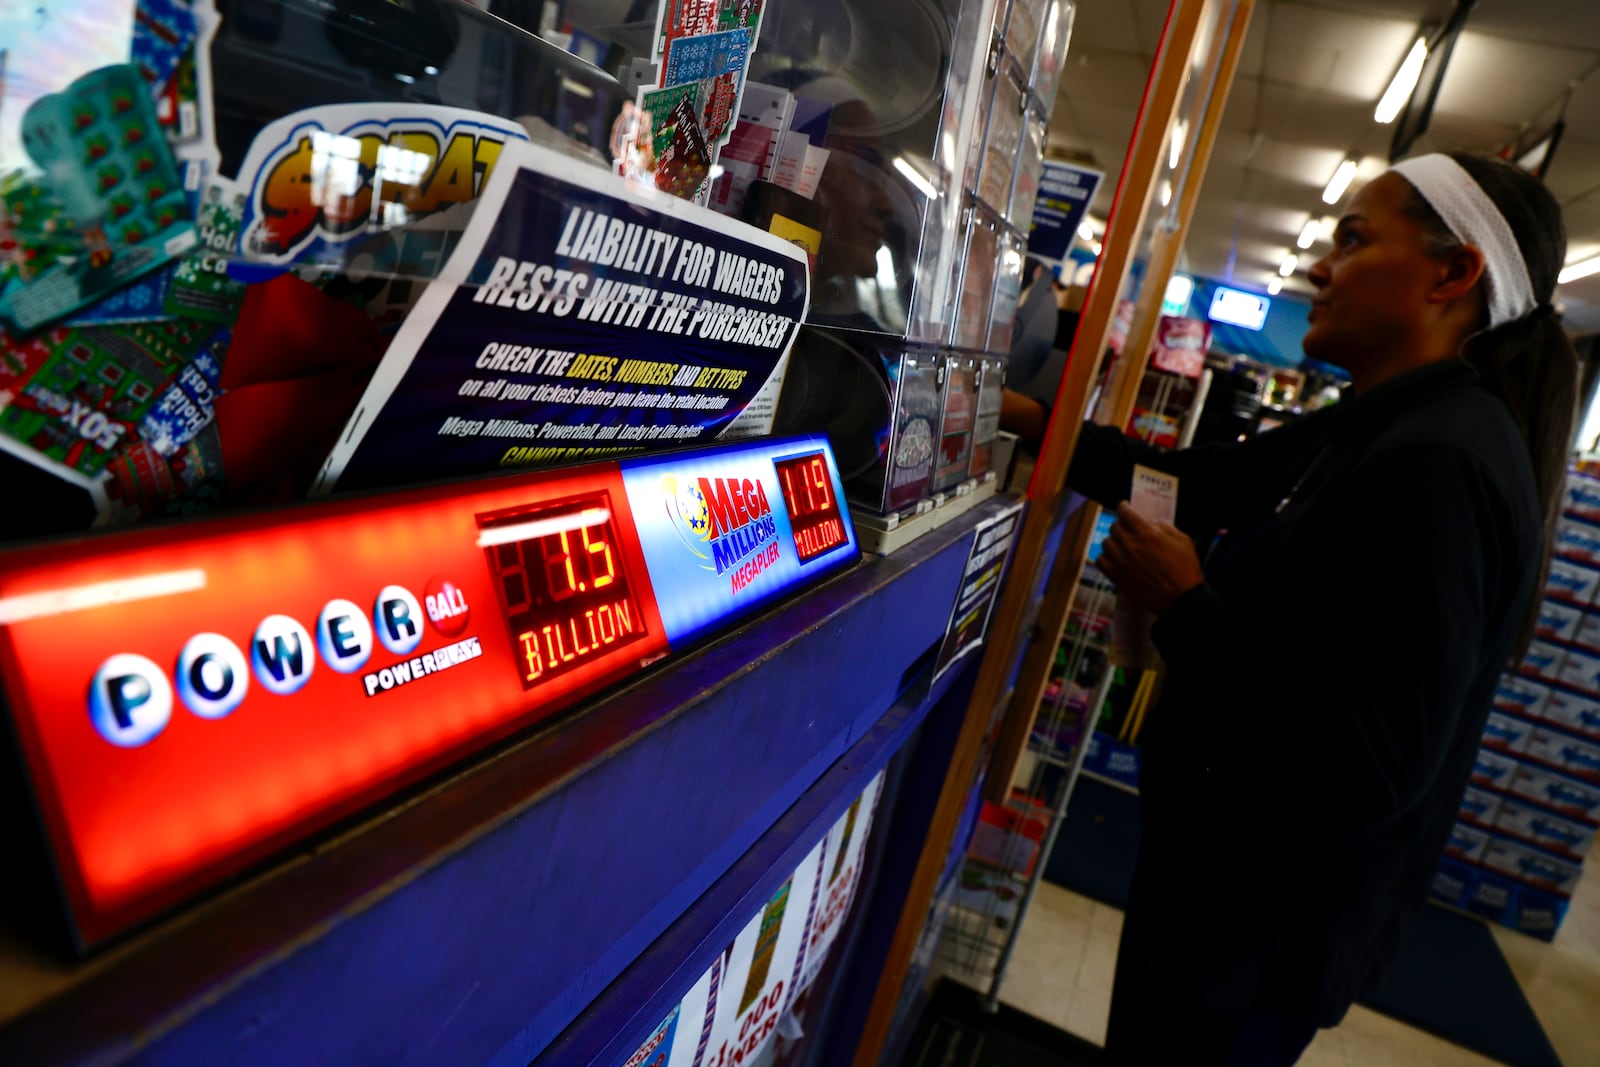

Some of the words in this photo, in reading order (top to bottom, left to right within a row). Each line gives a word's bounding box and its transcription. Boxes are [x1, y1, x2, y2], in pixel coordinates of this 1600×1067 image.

[555, 207, 679, 278] LIABILITY
[672, 239, 715, 288] FOR
[713, 250, 784, 304] WAGERS
[473, 256, 588, 317] RESTS
[577, 277, 658, 328] WITH
[648, 291, 699, 334] THE
[686, 300, 793, 349] PURCHASER
[179, 364, 214, 405] Cash
[458, 379, 484, 396] on
[479, 378, 507, 398] all
[498, 382, 537, 401] your
[532, 384, 579, 404] tickets
[574, 387, 616, 407] before
[611, 392, 638, 408] you
[630, 391, 663, 408] leave
[656, 393, 676, 409] the
[671, 394, 702, 409] retail
[693, 394, 729, 410] location
[475, 342, 545, 374] CHECK
[537, 350, 576, 377] THE
[565, 353, 618, 383] DATES,
[613, 359, 679, 386] NUMBERS
[670, 364, 701, 387] AND
[693, 367, 722, 388] BET
[713, 369, 748, 390] TYPES
[438, 417, 484, 437] Mega
[480, 419, 539, 440] Millions,
[536, 422, 600, 441] Powerball,
[595, 423, 622, 439] and
[617, 424, 650, 441] Lucky
[643, 425, 665, 440] For
[657, 425, 677, 440] Life
[673, 425, 704, 439] tickets
[498, 446, 566, 467] CANNOT
[697, 477, 771, 543] MEGA
[785, 459, 831, 517] 119
[559, 508, 615, 593] 1.5
[711, 515, 776, 577] MILLIONS
[794, 518, 842, 557] MILLION
[730, 541, 781, 597] MEGAPLIER
[519, 599, 633, 682] BILLION
===
**Exercise**
Every entry above has to be repeated exactly, apart from its pictures.

**Reply to the exercise**
Some of the words in this photo, in reading order (top to bottom, left to right within a row). Each line gives a word's bounding box and its transcription. Boxes are [x1, y1, x2, y2], in pixel coordinates of this 1600×1067 image.

[555, 207, 679, 278] LIABILITY
[672, 239, 715, 288] FOR
[713, 250, 784, 304] WAGERS
[473, 256, 588, 317] RESTS
[577, 277, 658, 328] WITH
[648, 291, 699, 334] THE
[686, 300, 793, 349] PURCHASER
[179, 364, 214, 405] Cash
[458, 379, 484, 396] on
[479, 378, 507, 398] all
[498, 382, 537, 401] your
[532, 384, 579, 404] tickets
[574, 387, 616, 407] before
[611, 392, 638, 408] you
[630, 391, 663, 408] leave
[656, 393, 676, 409] the
[671, 394, 702, 409] retail
[693, 394, 729, 410] location
[475, 342, 545, 374] CHECK
[537, 350, 576, 377] THE
[565, 353, 618, 383] DATES,
[613, 359, 679, 386] NUMBERS
[670, 364, 701, 387] AND
[693, 367, 722, 388] BET
[713, 369, 748, 390] TYPES
[438, 417, 484, 437] Mega
[480, 419, 539, 440] Millions,
[536, 422, 600, 441] Powerball,
[595, 423, 622, 439] and
[617, 424, 650, 441] Lucky
[643, 425, 665, 440] For
[657, 425, 677, 440] Life
[673, 425, 704, 439] tickets
[498, 446, 566, 467] CANNOT
[697, 477, 771, 543] MEGA
[785, 459, 831, 517] 119
[559, 508, 615, 593] 1.5
[711, 515, 776, 577] MILLIONS
[794, 518, 842, 557] MILLION
[730, 541, 781, 597] MEGAPLIER
[519, 599, 633, 682] BILLION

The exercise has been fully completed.